◆ What this task involves: Each entry must be reproduced precisely as it stands.

--- START ---

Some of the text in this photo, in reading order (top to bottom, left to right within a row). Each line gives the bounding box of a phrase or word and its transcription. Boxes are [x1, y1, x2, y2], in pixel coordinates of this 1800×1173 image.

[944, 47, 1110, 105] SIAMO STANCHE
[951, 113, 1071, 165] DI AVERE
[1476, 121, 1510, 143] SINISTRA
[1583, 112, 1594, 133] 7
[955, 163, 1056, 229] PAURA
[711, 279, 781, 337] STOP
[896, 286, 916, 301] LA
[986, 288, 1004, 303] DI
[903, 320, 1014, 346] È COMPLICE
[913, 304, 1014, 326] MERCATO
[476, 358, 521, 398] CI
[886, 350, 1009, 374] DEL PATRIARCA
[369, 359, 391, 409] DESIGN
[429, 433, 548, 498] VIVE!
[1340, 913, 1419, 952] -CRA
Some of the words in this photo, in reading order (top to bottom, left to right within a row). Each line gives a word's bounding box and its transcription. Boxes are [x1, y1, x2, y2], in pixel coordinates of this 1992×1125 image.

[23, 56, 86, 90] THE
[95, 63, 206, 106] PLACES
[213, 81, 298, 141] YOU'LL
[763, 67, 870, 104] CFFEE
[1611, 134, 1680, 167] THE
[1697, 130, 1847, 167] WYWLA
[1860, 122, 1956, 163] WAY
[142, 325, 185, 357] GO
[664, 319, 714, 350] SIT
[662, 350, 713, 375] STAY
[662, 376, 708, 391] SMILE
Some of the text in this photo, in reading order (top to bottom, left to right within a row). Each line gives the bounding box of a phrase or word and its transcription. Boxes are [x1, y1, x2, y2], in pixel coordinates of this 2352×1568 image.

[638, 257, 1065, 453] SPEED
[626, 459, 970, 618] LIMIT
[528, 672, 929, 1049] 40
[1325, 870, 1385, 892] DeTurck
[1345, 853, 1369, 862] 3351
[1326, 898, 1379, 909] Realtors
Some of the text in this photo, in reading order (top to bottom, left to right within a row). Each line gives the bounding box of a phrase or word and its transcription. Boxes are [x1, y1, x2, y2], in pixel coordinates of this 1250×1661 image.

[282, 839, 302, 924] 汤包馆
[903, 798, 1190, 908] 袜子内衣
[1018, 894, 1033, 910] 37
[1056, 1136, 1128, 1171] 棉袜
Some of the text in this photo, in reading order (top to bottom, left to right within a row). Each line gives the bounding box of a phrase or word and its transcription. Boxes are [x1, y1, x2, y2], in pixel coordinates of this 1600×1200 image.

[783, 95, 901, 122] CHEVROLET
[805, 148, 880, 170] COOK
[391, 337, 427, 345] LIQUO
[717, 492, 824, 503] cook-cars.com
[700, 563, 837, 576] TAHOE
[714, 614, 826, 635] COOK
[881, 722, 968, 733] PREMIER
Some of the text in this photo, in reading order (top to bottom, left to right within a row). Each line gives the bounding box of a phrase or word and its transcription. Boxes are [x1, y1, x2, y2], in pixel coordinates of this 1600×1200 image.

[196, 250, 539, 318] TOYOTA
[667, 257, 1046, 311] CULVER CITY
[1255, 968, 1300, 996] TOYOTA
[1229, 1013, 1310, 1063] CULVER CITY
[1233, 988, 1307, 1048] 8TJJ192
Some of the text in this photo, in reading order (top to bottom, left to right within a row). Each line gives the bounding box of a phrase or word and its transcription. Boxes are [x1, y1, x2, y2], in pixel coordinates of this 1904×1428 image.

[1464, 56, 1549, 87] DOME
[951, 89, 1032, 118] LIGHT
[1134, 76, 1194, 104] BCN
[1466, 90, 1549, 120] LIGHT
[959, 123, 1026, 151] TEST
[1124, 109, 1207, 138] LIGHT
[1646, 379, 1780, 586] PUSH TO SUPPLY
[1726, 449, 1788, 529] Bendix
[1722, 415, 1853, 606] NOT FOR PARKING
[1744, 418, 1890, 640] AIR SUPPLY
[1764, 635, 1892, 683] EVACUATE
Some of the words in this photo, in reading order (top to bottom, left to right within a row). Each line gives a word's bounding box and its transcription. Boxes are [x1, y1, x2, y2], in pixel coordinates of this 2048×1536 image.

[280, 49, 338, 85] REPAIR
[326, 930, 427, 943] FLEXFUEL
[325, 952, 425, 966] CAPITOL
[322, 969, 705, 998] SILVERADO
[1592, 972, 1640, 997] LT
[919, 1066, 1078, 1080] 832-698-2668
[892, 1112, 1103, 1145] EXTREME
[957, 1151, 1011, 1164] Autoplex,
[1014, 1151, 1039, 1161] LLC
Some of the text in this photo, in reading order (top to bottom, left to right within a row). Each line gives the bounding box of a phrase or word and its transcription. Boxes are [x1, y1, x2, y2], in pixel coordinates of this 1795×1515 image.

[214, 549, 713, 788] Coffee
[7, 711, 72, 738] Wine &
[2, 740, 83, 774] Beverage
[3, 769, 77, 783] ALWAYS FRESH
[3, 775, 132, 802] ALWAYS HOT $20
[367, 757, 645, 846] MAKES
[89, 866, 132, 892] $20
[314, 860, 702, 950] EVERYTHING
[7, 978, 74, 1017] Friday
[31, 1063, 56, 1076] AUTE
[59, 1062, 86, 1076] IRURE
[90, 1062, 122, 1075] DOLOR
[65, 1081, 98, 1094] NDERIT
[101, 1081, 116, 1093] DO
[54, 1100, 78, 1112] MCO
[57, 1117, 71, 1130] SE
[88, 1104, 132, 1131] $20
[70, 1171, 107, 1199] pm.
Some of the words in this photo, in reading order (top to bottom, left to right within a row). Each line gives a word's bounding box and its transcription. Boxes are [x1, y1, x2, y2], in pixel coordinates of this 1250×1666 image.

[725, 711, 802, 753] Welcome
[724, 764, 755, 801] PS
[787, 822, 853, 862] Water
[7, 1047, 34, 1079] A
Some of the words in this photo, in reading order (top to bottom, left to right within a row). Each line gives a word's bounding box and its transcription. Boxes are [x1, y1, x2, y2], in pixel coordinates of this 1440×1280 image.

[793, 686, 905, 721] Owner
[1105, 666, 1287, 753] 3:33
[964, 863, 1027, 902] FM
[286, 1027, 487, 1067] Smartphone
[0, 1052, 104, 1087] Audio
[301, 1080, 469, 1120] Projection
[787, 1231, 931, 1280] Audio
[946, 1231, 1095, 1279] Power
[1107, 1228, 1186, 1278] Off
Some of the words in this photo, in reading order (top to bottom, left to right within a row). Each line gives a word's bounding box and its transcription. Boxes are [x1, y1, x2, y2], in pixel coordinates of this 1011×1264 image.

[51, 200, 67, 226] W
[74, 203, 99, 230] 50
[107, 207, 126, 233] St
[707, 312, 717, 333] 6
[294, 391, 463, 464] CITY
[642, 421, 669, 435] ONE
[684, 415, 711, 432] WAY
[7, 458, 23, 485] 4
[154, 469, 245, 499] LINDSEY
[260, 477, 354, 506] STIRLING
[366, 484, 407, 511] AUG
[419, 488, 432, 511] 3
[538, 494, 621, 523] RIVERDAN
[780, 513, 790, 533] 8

--- END ---

◆ Final answer:
Some of the text in this photo, in reading order (top to bottom, left to right within a row). Each line gives the bounding box of a phrase or word and its transcription. Boxes are [x1, y1, x2, y2], in pixel coordinates of this 1800×1173 image.

[944, 47, 1110, 105] SIAMO STANCHE
[951, 113, 1071, 165] DI AVERE
[1476, 121, 1510, 143] SINISTRA
[1583, 112, 1594, 133] 7
[955, 163, 1056, 229] PAURA
[711, 279, 781, 337] STOP
[896, 286, 916, 301] LA
[986, 288, 1004, 303] DI
[903, 320, 1014, 346] È COMPLICE
[913, 304, 1014, 326] MERCATO
[476, 358, 521, 398] CI
[886, 350, 1009, 374] DEL PATRIARCA
[369, 359, 391, 409] DESIGN
[429, 433, 548, 498] VIVE!
[1340, 913, 1419, 952] -CRA
Some of the words in this photo, in reading order (top to bottom, left to right within a row). Each line gives a word's bounding box and its transcription. Boxes are [x1, y1, x2, y2], in pixel coordinates of this 1992×1125 image.

[23, 56, 86, 90] THE
[95, 63, 206, 106] PLACES
[213, 81, 298, 141] YOU'LL
[763, 67, 870, 104] CFFEE
[1611, 134, 1680, 167] THE
[1697, 130, 1847, 167] WYWLA
[1860, 122, 1956, 163] WAY
[142, 325, 185, 357] GO
[664, 319, 714, 350] SIT
[662, 350, 713, 375] STAY
[662, 376, 708, 391] SMILE
Some of the text in this photo, in reading order (top to bottom, left to right within a row). Each line gives the bounding box of a phrase or word and its transcription. Boxes are [x1, y1, x2, y2], in pixel coordinates of this 2352×1568 image.

[638, 257, 1065, 453] SPEED
[626, 459, 970, 618] LIMIT
[528, 672, 929, 1049] 40
[1325, 870, 1385, 892] DeTurck
[1345, 853, 1369, 862] 3351
[1326, 898, 1379, 909] Realtors
Some of the text in this photo, in reading order (top to bottom, left to right within a row). Each line gives the bounding box of a phrase or word and its transcription. Boxes are [x1, y1, x2, y2], in pixel coordinates of this 1250×1661 image.

[282, 839, 302, 924] 汤包馆
[903, 798, 1190, 908] 袜子内衣
[1018, 894, 1033, 910] 37
[1056, 1136, 1128, 1171] 棉袜
Some of the text in this photo, in reading order (top to bottom, left to right within a row). Each line gives the bounding box of a phrase or word and its transcription. Boxes are [x1, y1, x2, y2], in pixel coordinates of this 1600×1200 image.

[783, 95, 901, 122] CHEVROLET
[805, 148, 880, 170] COOK
[391, 337, 427, 345] LIQUO
[717, 492, 824, 503] cook-cars.com
[700, 563, 837, 576] TAHOE
[714, 614, 826, 635] COOK
[881, 722, 968, 733] PREMIER
Some of the text in this photo, in reading order (top to bottom, left to right within a row). Each line gives the bounding box of a phrase or word and its transcription. Boxes are [x1, y1, x2, y2], in pixel coordinates of this 1600×1200 image.

[196, 250, 539, 318] TOYOTA
[667, 257, 1046, 311] CULVER CITY
[1255, 968, 1300, 996] TOYOTA
[1229, 1013, 1310, 1063] CULVER CITY
[1233, 988, 1307, 1048] 8TJJ192
Some of the text in this photo, in reading order (top to bottom, left to right within a row). Each line gives the bounding box of a phrase or word and its transcription. Boxes are [x1, y1, x2, y2], in pixel coordinates of this 1904×1428 image.

[1464, 56, 1549, 87] DOME
[951, 89, 1032, 118] LIGHT
[1134, 76, 1194, 104] BCN
[1466, 90, 1549, 120] LIGHT
[959, 123, 1026, 151] TEST
[1124, 109, 1207, 138] LIGHT
[1646, 379, 1780, 586] PUSH TO SUPPLY
[1726, 449, 1788, 529] Bendix
[1722, 415, 1853, 606] NOT FOR PARKING
[1744, 418, 1890, 640] AIR SUPPLY
[1764, 635, 1892, 683] EVACUATE
Some of the words in this photo, in reading order (top to bottom, left to right within a row). Each line gives a word's bounding box and its transcription. Boxes are [x1, y1, x2, y2], in pixel coordinates of this 2048×1536 image.

[280, 49, 338, 85] REPAIR
[326, 930, 427, 943] FLEXFUEL
[325, 952, 425, 966] CAPITOL
[322, 969, 705, 998] SILVERADO
[1592, 972, 1640, 997] LT
[919, 1066, 1078, 1080] 832-698-2668
[892, 1112, 1103, 1145] EXTREME
[957, 1151, 1011, 1164] Autoplex,
[1014, 1151, 1039, 1161] LLC
Some of the text in this photo, in reading order (top to bottom, left to right within a row). Each line gives the bounding box of a phrase or word and its transcription. Boxes are [x1, y1, x2, y2], in pixel coordinates of this 1795×1515 image.

[214, 549, 713, 788] Coffee
[7, 711, 72, 738] Wine &
[2, 740, 83, 774] Beverage
[3, 769, 77, 783] ALWAYS FRESH
[3, 775, 132, 802] ALWAYS HOT $20
[367, 757, 645, 846] MAKES
[89, 866, 132, 892] $20
[314, 860, 702, 950] EVERYTHING
[7, 978, 74, 1017] Friday
[31, 1063, 56, 1076] AUTE
[59, 1062, 86, 1076] IRURE
[90, 1062, 122, 1075] DOLOR
[65, 1081, 98, 1094] NDERIT
[101, 1081, 116, 1093] DO
[54, 1100, 78, 1112] MCO
[57, 1117, 71, 1130] SE
[88, 1104, 132, 1131] $20
[70, 1171, 107, 1199] pm.
Some of the words in this photo, in reading order (top to bottom, left to right within a row). Each line gives a word's bounding box and its transcription. Boxes are [x1, y1, x2, y2], in pixel coordinates of this 1250×1666 image.

[725, 711, 802, 753] Welcome
[724, 764, 755, 801] PS
[787, 822, 853, 862] Water
[7, 1047, 34, 1079] A
Some of the words in this photo, in reading order (top to bottom, left to right within a row). Each line gives a word's bounding box and its transcription. Boxes are [x1, y1, x2, y2], in pixel coordinates of this 1440×1280 image.

[793, 686, 905, 721] Owner
[1105, 666, 1287, 753] 3:33
[964, 863, 1027, 902] FM
[286, 1027, 487, 1067] Smartphone
[0, 1052, 104, 1087] Audio
[301, 1080, 469, 1120] Projection
[787, 1231, 931, 1280] Audio
[946, 1231, 1095, 1279] Power
[1107, 1228, 1186, 1278] Off
Some of the words in this photo, in reading order (top to bottom, left to right within a row). Each line gives a word's bounding box and its transcription. Boxes are [x1, y1, x2, y2], in pixel coordinates of this 1011×1264 image.

[51, 200, 67, 226] W
[74, 203, 99, 230] 50
[107, 207, 126, 233] St
[707, 312, 717, 333] 6
[294, 391, 463, 464] CITY
[642, 421, 669, 435] ONE
[684, 415, 711, 432] WAY
[7, 458, 23, 485] 4
[154, 469, 245, 499] LINDSEY
[260, 477, 354, 506] STIRLING
[366, 484, 407, 511] AUG
[419, 488, 432, 511] 3
[538, 494, 621, 523] RIVERDAN
[780, 513, 790, 533] 8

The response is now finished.